■ Task brief
Return the entries verbatim and drop every picture.
START Supplied material
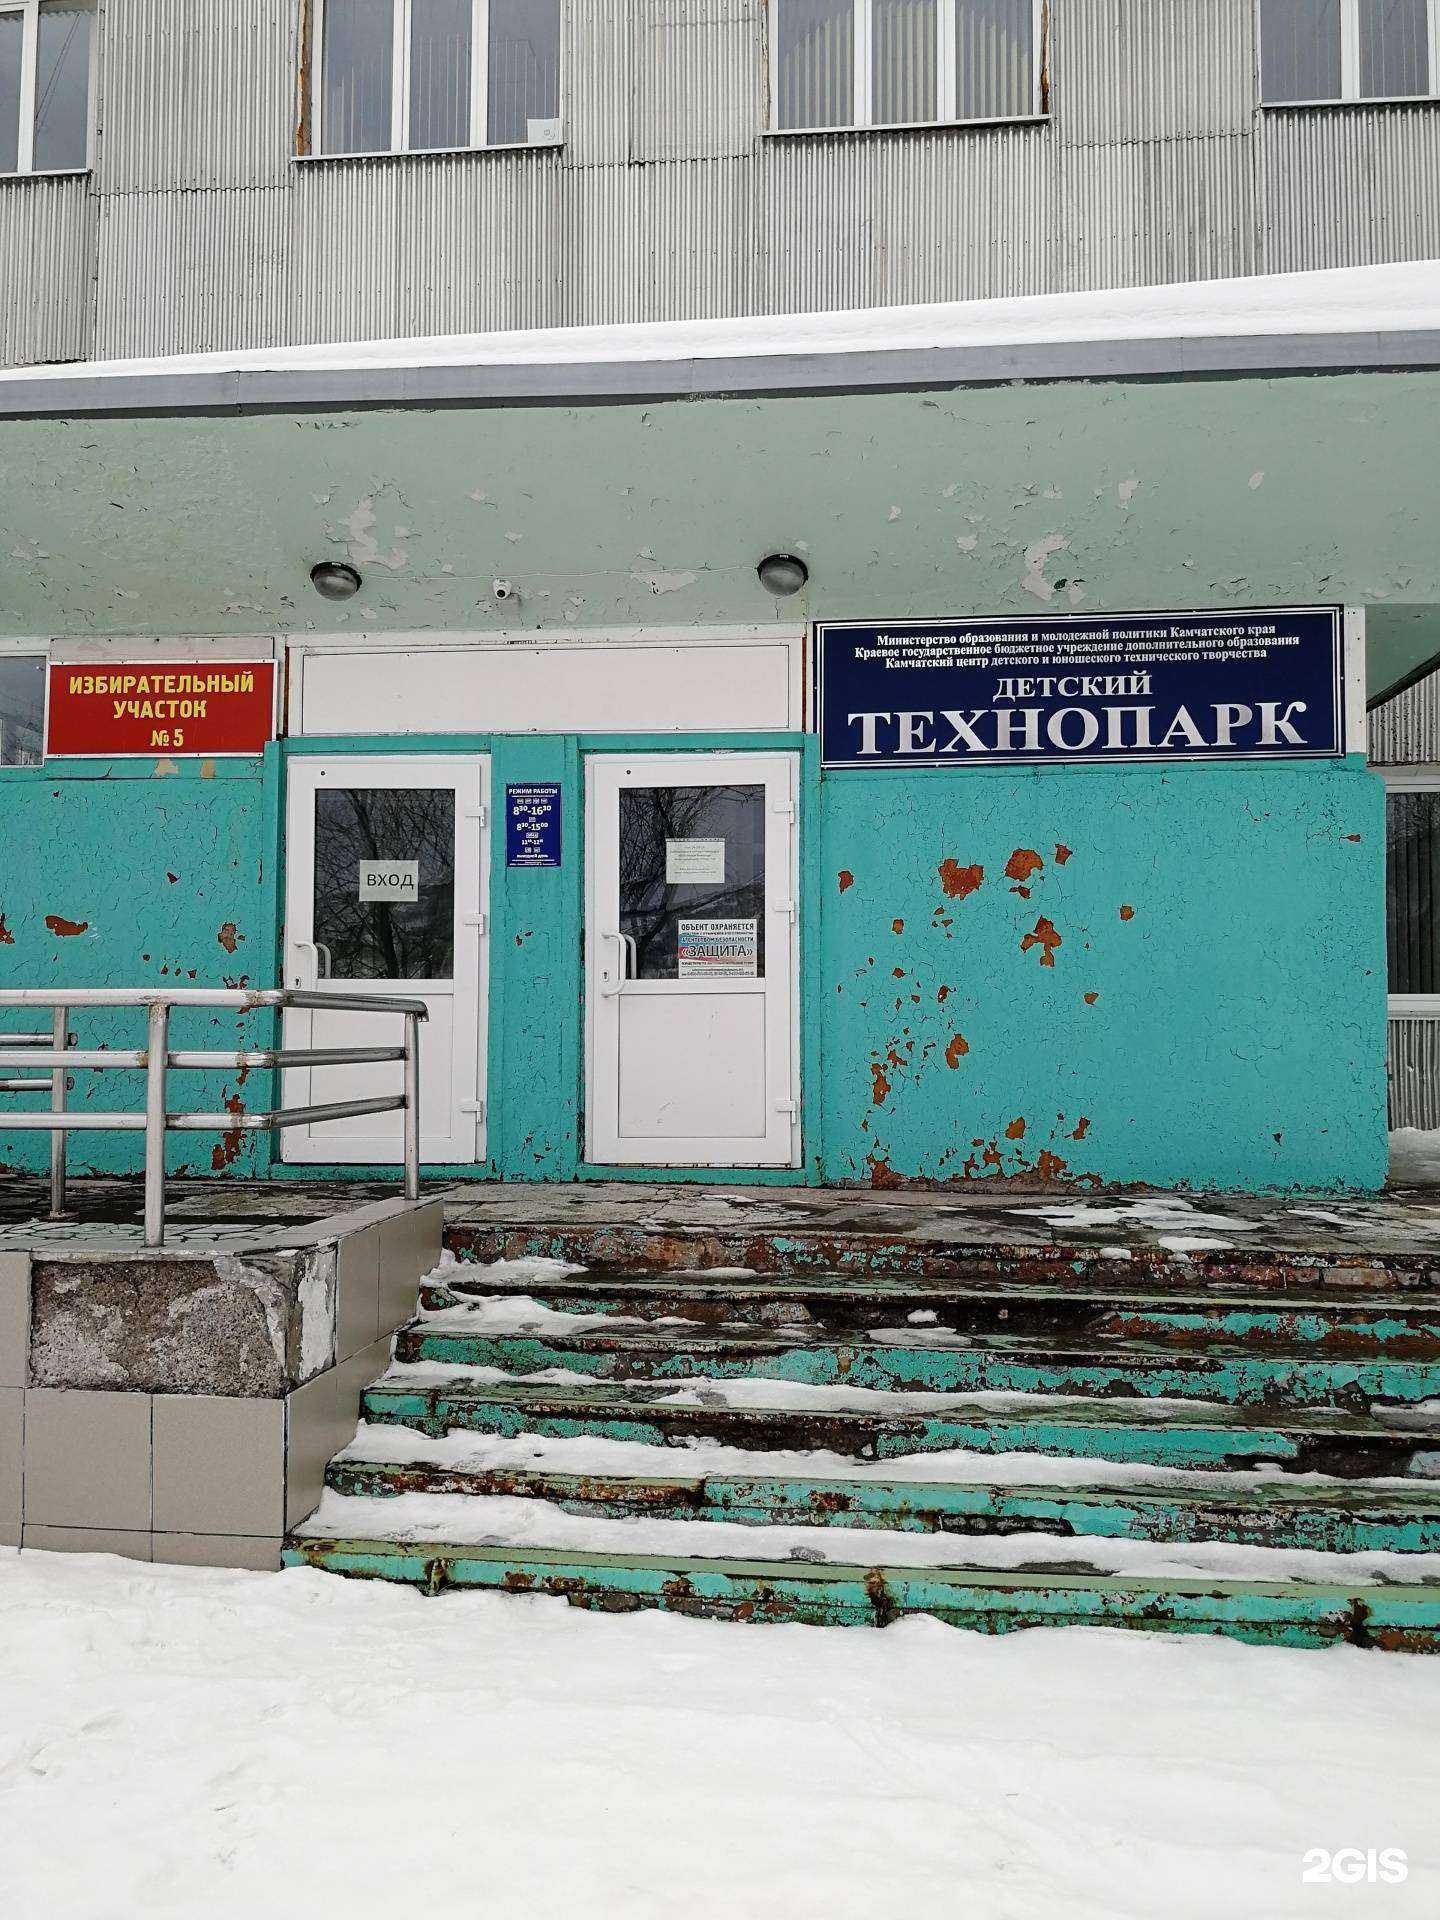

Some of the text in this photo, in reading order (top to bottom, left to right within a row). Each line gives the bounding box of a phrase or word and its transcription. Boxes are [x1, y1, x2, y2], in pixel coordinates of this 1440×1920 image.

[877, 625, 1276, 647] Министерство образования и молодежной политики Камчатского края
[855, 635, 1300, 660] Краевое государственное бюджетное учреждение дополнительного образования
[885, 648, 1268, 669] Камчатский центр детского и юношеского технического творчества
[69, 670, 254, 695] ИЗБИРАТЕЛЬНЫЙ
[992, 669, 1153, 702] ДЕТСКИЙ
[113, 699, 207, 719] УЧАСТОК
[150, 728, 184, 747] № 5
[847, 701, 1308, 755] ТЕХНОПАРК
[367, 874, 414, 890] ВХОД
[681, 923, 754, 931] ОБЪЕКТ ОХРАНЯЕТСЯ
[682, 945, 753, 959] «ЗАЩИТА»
END Supplied material
■ Your solution
Some of the text in this photo, in reading order (top to bottom, left to right within a row). Each line gives the bounding box of a phrase or word and its transcription. Boxes are [x1, y1, x2, y2], in pixel coordinates of this 1440×1920 image.

[877, 625, 1276, 647] Министерство образования и молодежной политики Камчатского края
[855, 635, 1300, 660] Краевое государственное бюджетное учреждение дополнительного образования
[885, 648, 1268, 669] Камчатский центр детского и юношеского технического творчества
[69, 670, 254, 695] ИЗБИРАТЕЛЬНЫЙ
[992, 669, 1153, 702] ДЕТСКИЙ
[113, 699, 207, 719] УЧАСТОК
[150, 728, 184, 747] № 5
[847, 701, 1308, 755] ТЕХНОПАРК
[367, 874, 414, 890] ВХОД
[681, 923, 754, 931] ОБЪЕКТ ОХРАНЯЕТСЯ
[682, 945, 753, 959] «ЗАЩИТА»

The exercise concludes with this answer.